02 de setembro, 2004 - 17h42 GMT (14h42 Brasília)
O juiz no processo de abuso sexual de menores contra Michael Jackson negou reduzir a fiança de US$ 3 milhões imposta ao cantor, citando evidências de que ele poderia ter planejado fugir para o Brasil.
"A transcrição do júri de inquérito traz provas detalhadas de que o acusado tentou fazer com que a família Doe viajasse ao Brasil, e a família declara que isso era feito contra a sua vontade", escreveu o juiz Rodney Melville.
De acordo com os papéis do processo, Michael Jackson teria dito que se encontraria com eles no Brasil.
"Assumindo que sejam verdadeiras essas provas, isso demonstra tanto a seriedade do crime como a forma como o acusado lida com situações difíceis."
'Incentivo financeiro'
Por isso, completou Melville, "nenhuma quantia inferior a US$ 3 milhões daria um incentivo financeiro para que ele volte e compareça às audiências e ao julgamento".
O juiz negou pela segunda vez a redução da fiança, afirmando que o cantor é rico e costuma viajar o mundo.
Michael Jackson, de 45 anos, começará a ser julgado em janeiro e se diz inocente das denúncias de haver abusado de menores.

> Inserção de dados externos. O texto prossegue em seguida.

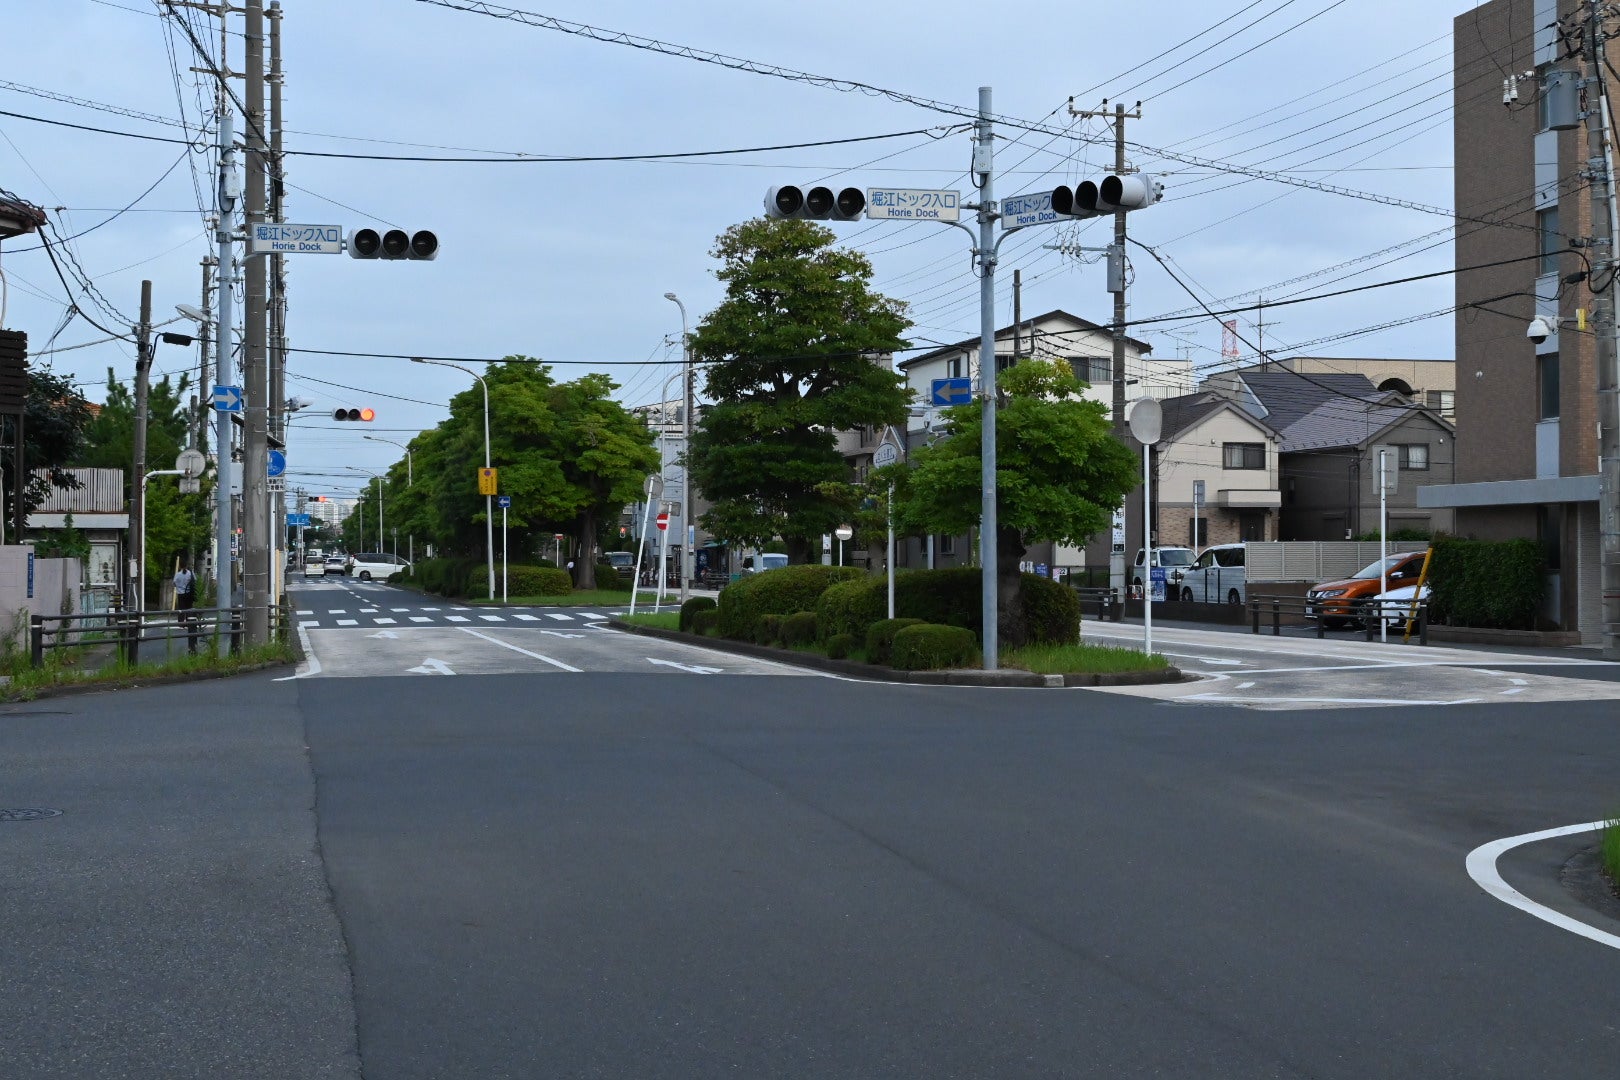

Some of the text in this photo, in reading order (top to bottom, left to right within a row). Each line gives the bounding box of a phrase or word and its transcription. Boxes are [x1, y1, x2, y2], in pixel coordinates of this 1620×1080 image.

Ao justificar a sua decisão, o juiz lembrou também que, embora não tenha uma ficha criminal, o artista escapou nos anos 1990 de acusações semelhantes de molestação de menores após fazer um acordo milionário com a família da suposta vítima.
Michael Jackson aguarda o julgamento em liberdade. Quando deseja viajar ao exterior, precisa pedir o passaporte às autoridades e revelar seu destino, devolvendo o documento ao voltar.